Je n’avais même pas conscience que vivre dans un tel confort avait endormi mes sens.
— Les rats sont peut-être la prochaine espèce dominante. Ils sont intelligents et sociaux. Il ne faut pas les sous-estimer.
— Alors comment les contenir ?
— En nous unissant. Les humains ont besoin de nous comme nous avons besoin des humains. Si nous ne réussissons pas à nous entendre pour combattre l’adversaire commun, nous serons tous vaincus. C’est pour ça que je suis là, avec toi, Bastet. Allez, ne perdons pas plus de temps, nous avons encore beaucoup de chemin à effectuer avant de rejoindre le bois de Vincennes.
Pythagore a vraiment l’air de croire que je suis capable d’émettre vers les humains. Je n’ose plus lui révéler la décevante réalité. En fait, après ma prise de conscience extraordinaire d’hier, j’ai l’impression que je ne suis pas à la hauteur des missions qui me sont confiées. Il me tarde de refaire l’amour avec lui pour me réapproprier son énergie. Lui, par contre, semble avoir d’autres préoccupations.
Nous quittons l’habitacle du camion et reprenons notre galopade sur les toits des voitures. Je suis presque à bout de force lorsque enfin Pythagore nous fait quitter le périphérique pour rejoindre une zone arborée.
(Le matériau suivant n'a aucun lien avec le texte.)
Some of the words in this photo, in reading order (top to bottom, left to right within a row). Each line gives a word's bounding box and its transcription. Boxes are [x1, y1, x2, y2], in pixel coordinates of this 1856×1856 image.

Le bois de Vincennes ressemble beaucoup au bois de Boulogne.
Ni chiens, ni chats, ni rats, ni humains à l’horizon.
— Le signal de sa balise GPS indique que ta servante est par là, annonce-t-il en désignant un sentier.
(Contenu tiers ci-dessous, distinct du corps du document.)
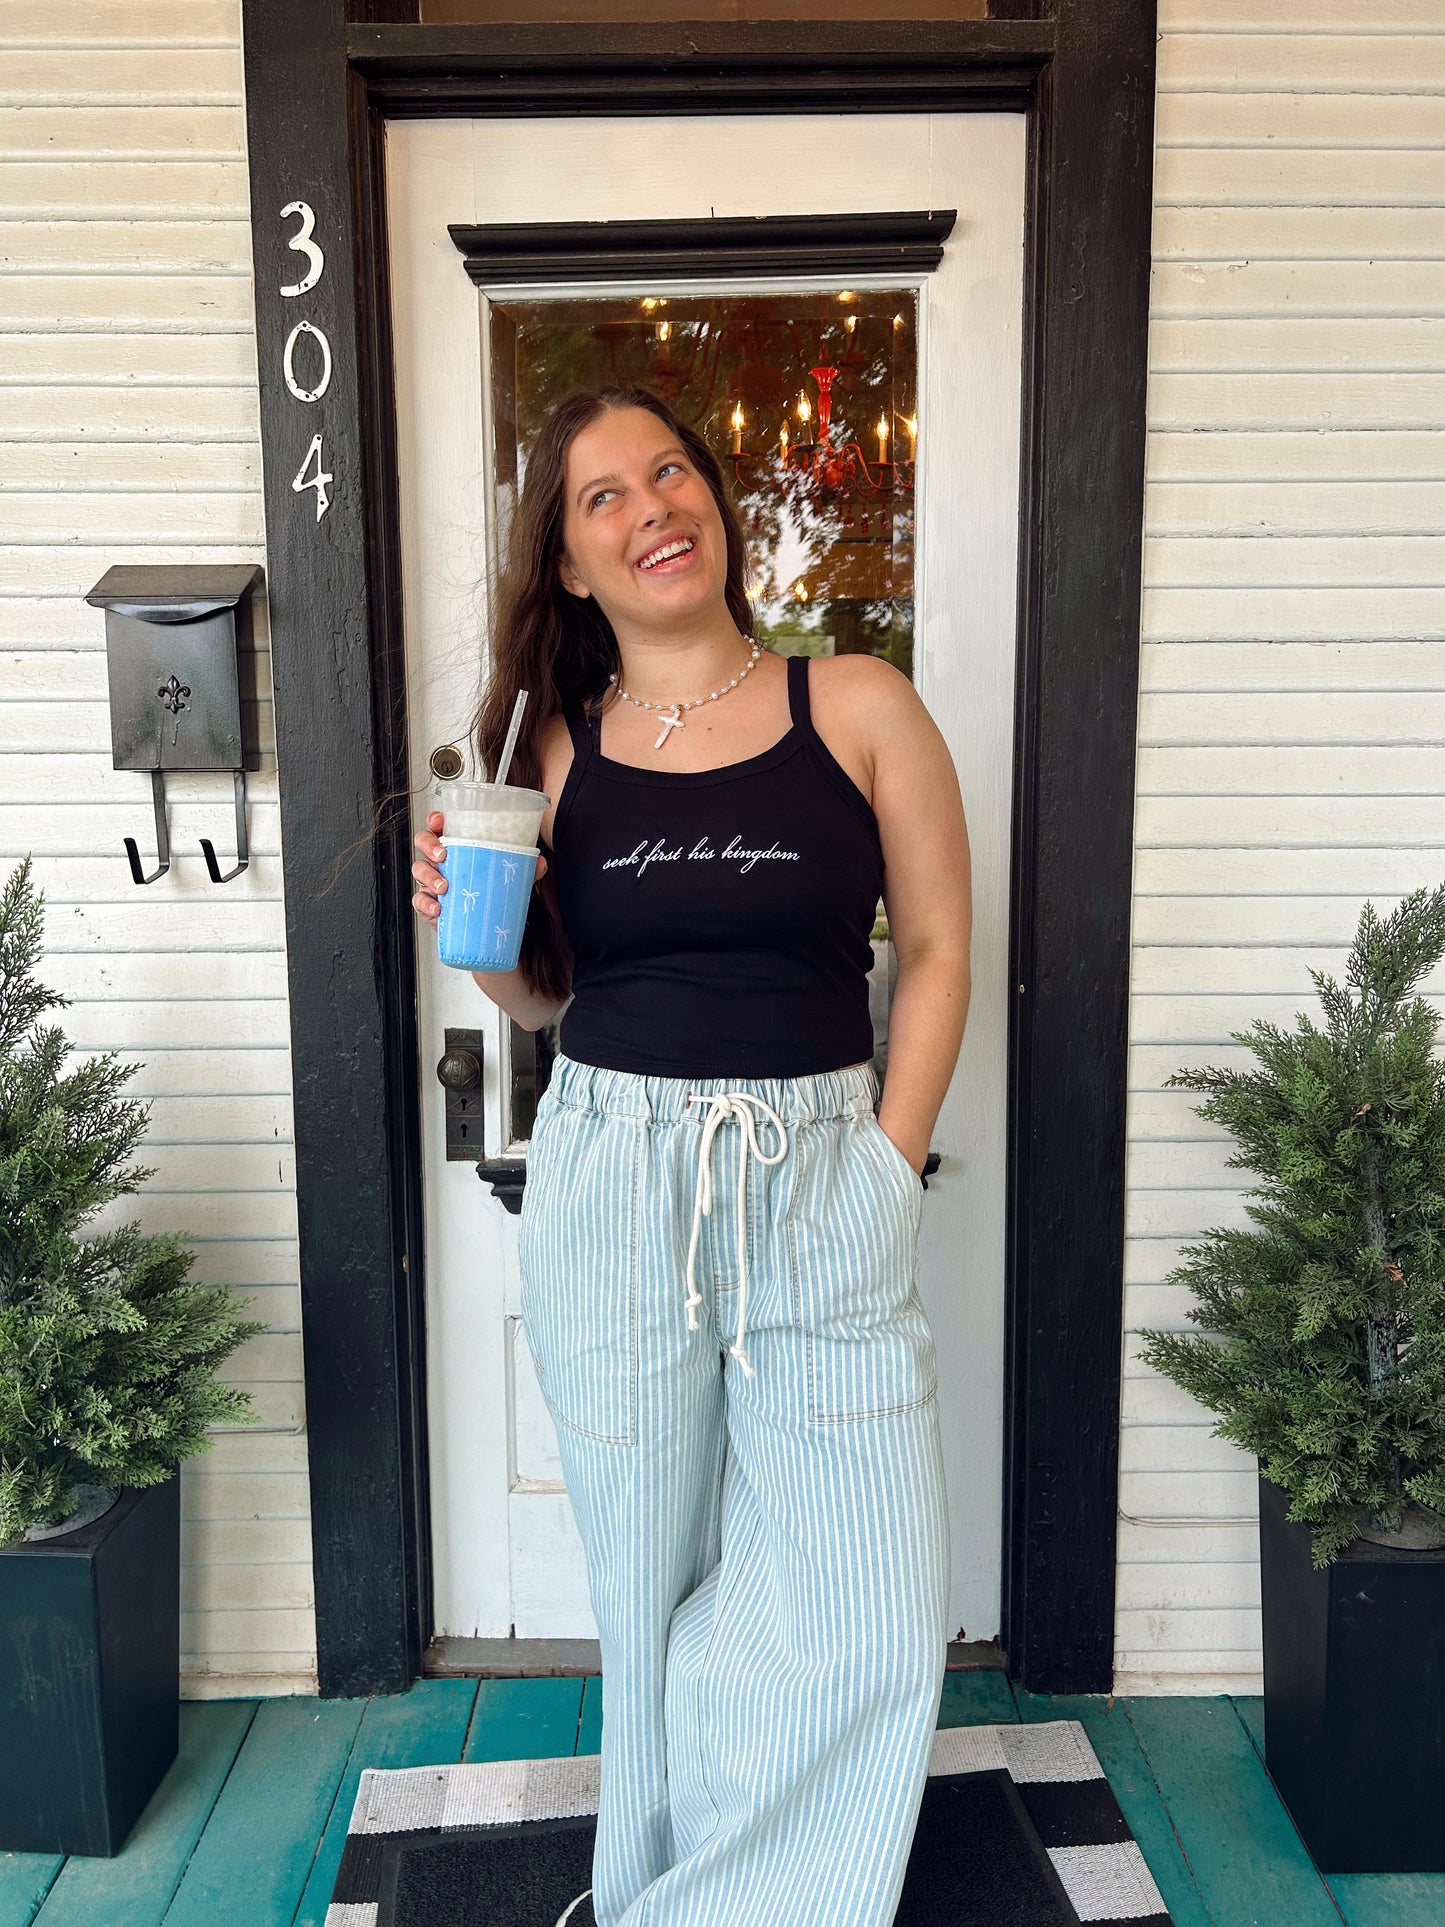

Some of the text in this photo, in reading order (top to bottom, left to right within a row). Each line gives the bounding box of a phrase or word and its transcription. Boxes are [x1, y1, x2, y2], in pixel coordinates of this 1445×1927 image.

Nous avançons entre les grands arbres, au milieu d’une nature un peu trop silencieuse à mon goût. Même mes poils de moustache ne détectent aucune présence alentour. Soudain, avant que nous ayons pu réagir, nous nous retrouvons propulsés en l’air et prisonniers d’un épais filet de corde.
Un piège.
Trop tard. Nous avons beau nous agiter, nous sommes pris dans les mailles. Une clochette tinte à chaque geste que nous faisons pour nous débattre. J’essaye d’entailler le cordage avec mes dents et la clochette sonne de plus belle.
— Ne bouge plus ! m’intime Pythagore.
Nous restons là, suspendus entre ciel et terre, à attendre. J’ai une patte coincée dans les mailles. Ça fait mal.